Happy Thanksgiving everyone!
We all know the season was pretty bad. But I did learn a few lessons, and gained some new perspective. Much of this is aspirational, “trying to convince myself” kind of stuff, as I am not naturally a particularly optimistic person, but I am trying to work at it [emoji57]
1. Even the worst seasons can have some good stuff. Were it not for my own screw-ups, I *could have* seen tornados on three consecutive days during my trip: Cheyenne; Colorado (landspout fest); and Dodge City (sorry I don’t have exact dates, but you all know the stretch I am referring to). Not enough for a Plains resident to consider it a good season, but as many tornado days as a two week chase vacationer like me might get in even a very good year.
2. It is worth trying to time a chase trip, if you can. I delayed twice, and pulled the trigger on the above-mentioned stretch. But this comes with an important caveat: don’t try to be too cute with this; don’t wait for a perfect pattern. When I finally did go, the pattern was far from perfect; in fact, I doubt anyone thought there would be tornados on any of those days, let alone all three. But I was running out of time, it was either finally get out there or wait until next year. If it’s anything other than a complete death ridge, get out there. You’re not going to see anything at home on your couch.
3. Similar to the above, if you are out there, especially for a limited chase vacation, chase. Due to frustration, pessimism, demoralization and other factors, we decided to blow off our last chase day and decided against the trip down into central New Mexico, missing the picturesque storms, and just the overall experience of being in an unfamiliar region with a cool landscape, as evidenced by
@John Farley ‘s excellent pictures and write-up.
4. Trust your gut and don’t allow technical discussions to dissuade you. Or maybe it’s just to try not to parse every word and read too much into them. Tough to ignore the experts, when you’re not a meteorologist yourself, but on the day of the Dodge City tornado I was down in northwestern OK but knew the OFB had lifted north toward DDC. The DDC AFD acknowledged that, but also said the best chance of a tornado (and they didn’t seem too high on that anyway) would be in the southeast regions of their forecast area.
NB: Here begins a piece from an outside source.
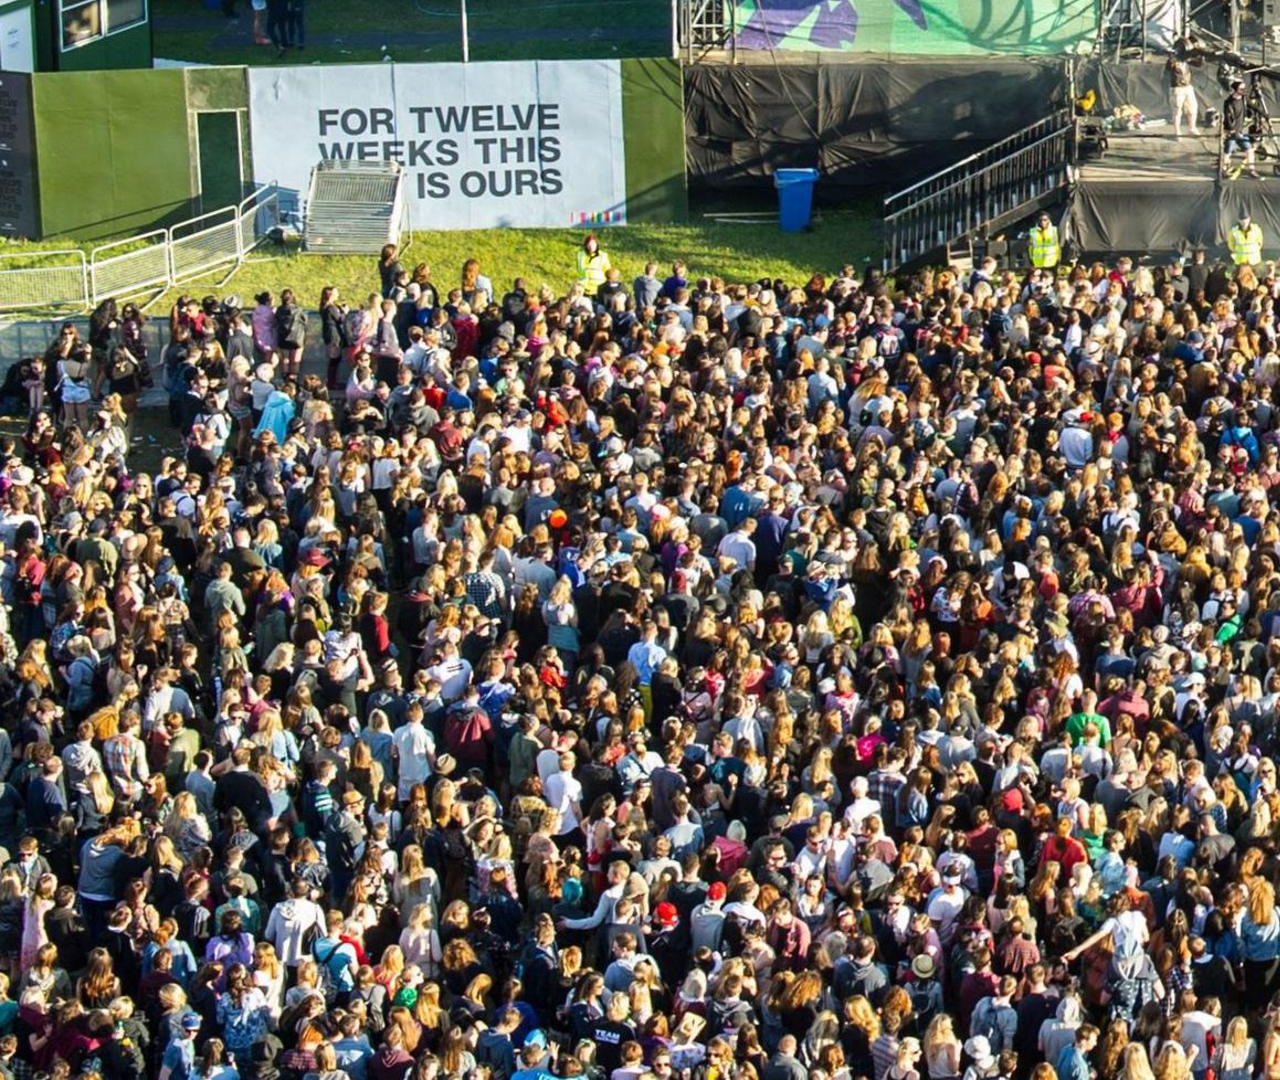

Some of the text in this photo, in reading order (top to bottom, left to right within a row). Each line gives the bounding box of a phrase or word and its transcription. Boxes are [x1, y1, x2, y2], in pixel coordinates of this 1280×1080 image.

[318, 104, 560, 136] FOR TWELVE
[318, 136, 561, 167] WEEKS THIS
[417, 168, 563, 199] IS OURS
[595, 1028, 621, 1038] TEAM
I interpreted that as being down toward the OK border so I stayed where I was; probably also influenced by all the other chasers around, so that’s another thing to not let happen..
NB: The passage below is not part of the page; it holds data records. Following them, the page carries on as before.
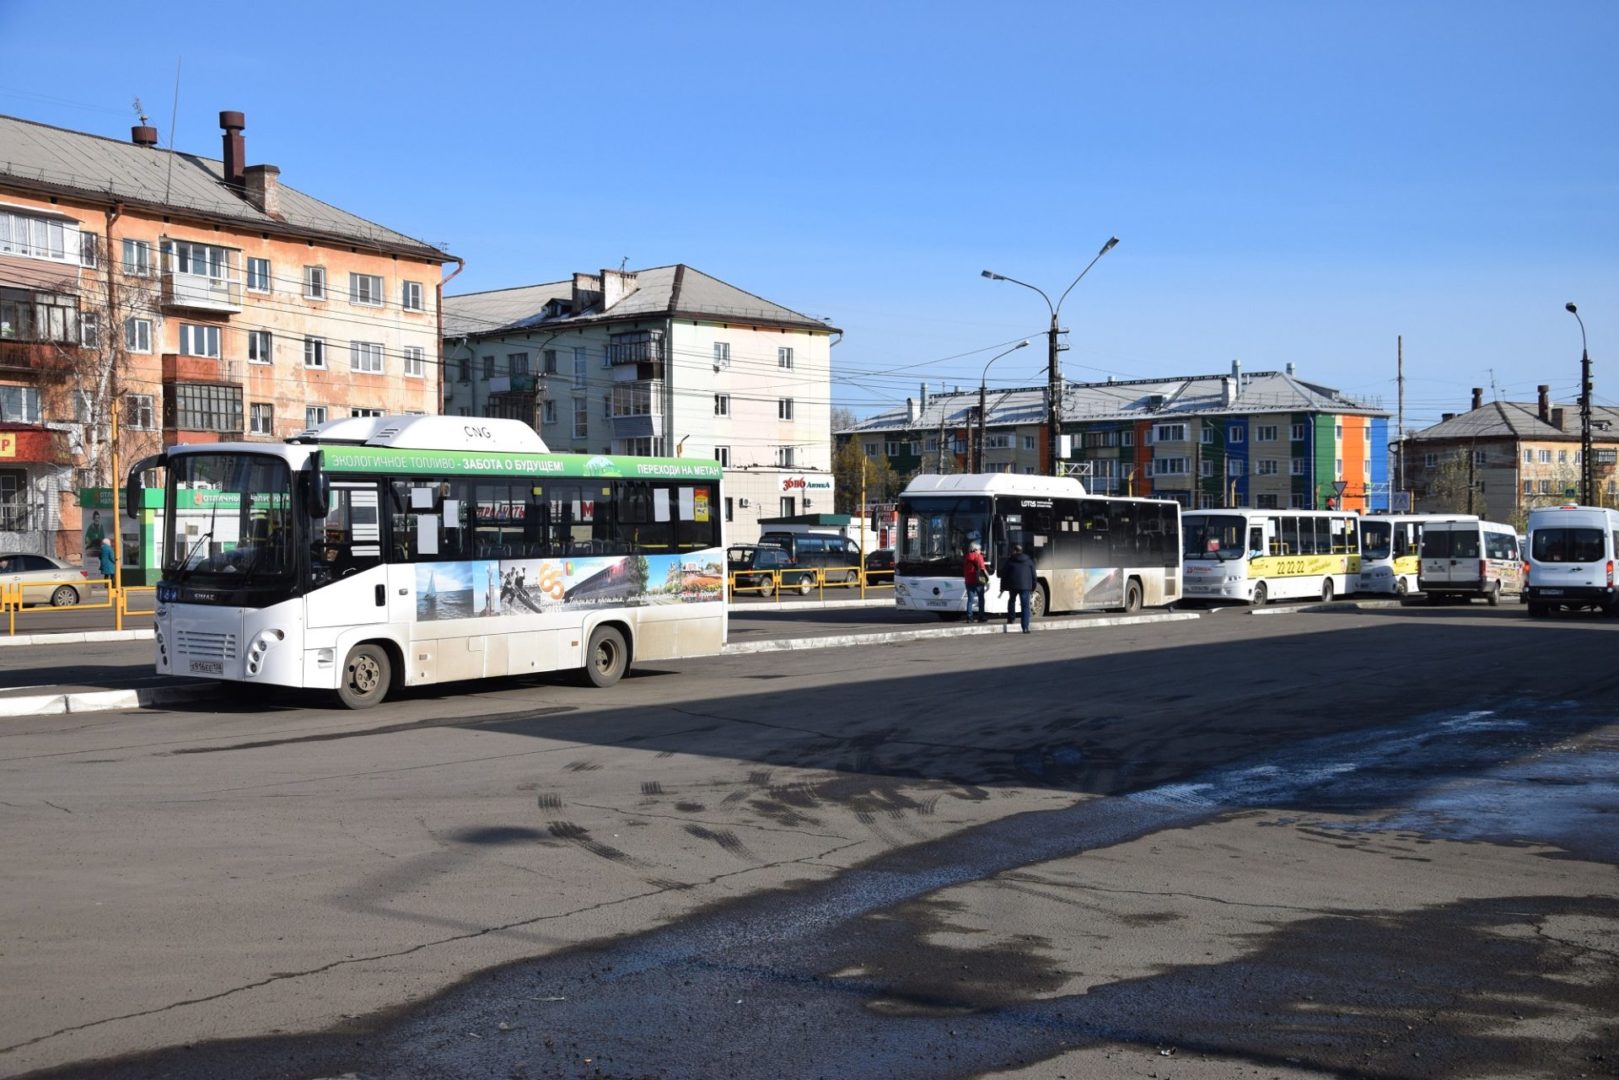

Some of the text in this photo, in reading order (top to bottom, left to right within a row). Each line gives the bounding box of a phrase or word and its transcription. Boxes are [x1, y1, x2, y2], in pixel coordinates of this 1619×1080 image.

[463, 425, 492, 439] CNG
[331, 455, 408, 468] ЭКОЛОГИЧНОЕ
[411, 457, 455, 469] ТОПЛИВО
[463, 458, 503, 470] ЗАБОТА
[505, 459, 513, 470] О
[515, 460, 564, 473] БУДУЩЕМ!
[637, 464, 720, 476] ПЕРЕХОДИ НА МЕТАН
[1277, 561, 1285, 574] 22
[1287, 560, 1295, 574] 22
[1297, 560, 1305, 573] 22
5. Storm chasing is not easy. Technology has made it EASIER but NOT easy. Like in baseball, a 300 average is pretty good. Isn’t part of the reason we love chasing because of the challenge, the unpredictability, and the rarity that everything comes together perfectly (good forecast, good execution, good roads, atmospheric cooperation)? Well, if that’s true, then it’s all the failures that make it so. Like a salesman knowing that every “no” gets him closer to a “yes,” embrace the failures as a necessary part of the game.
6. Most of these lessons will be forgotten, because I have thought and/or written about most of these for years already. I will say that #5 is a somewhat new attitude for me, but after bad chase trips in both 2017 and 2018, that new attitude is going to have a very short shelf life if 2019 is also no good.
I could probably think of more, including some specific forecasting and field strategy lessons that came out of my 2018 screw-ups, but it’s thanksgiving so I have to get to the gym and back home!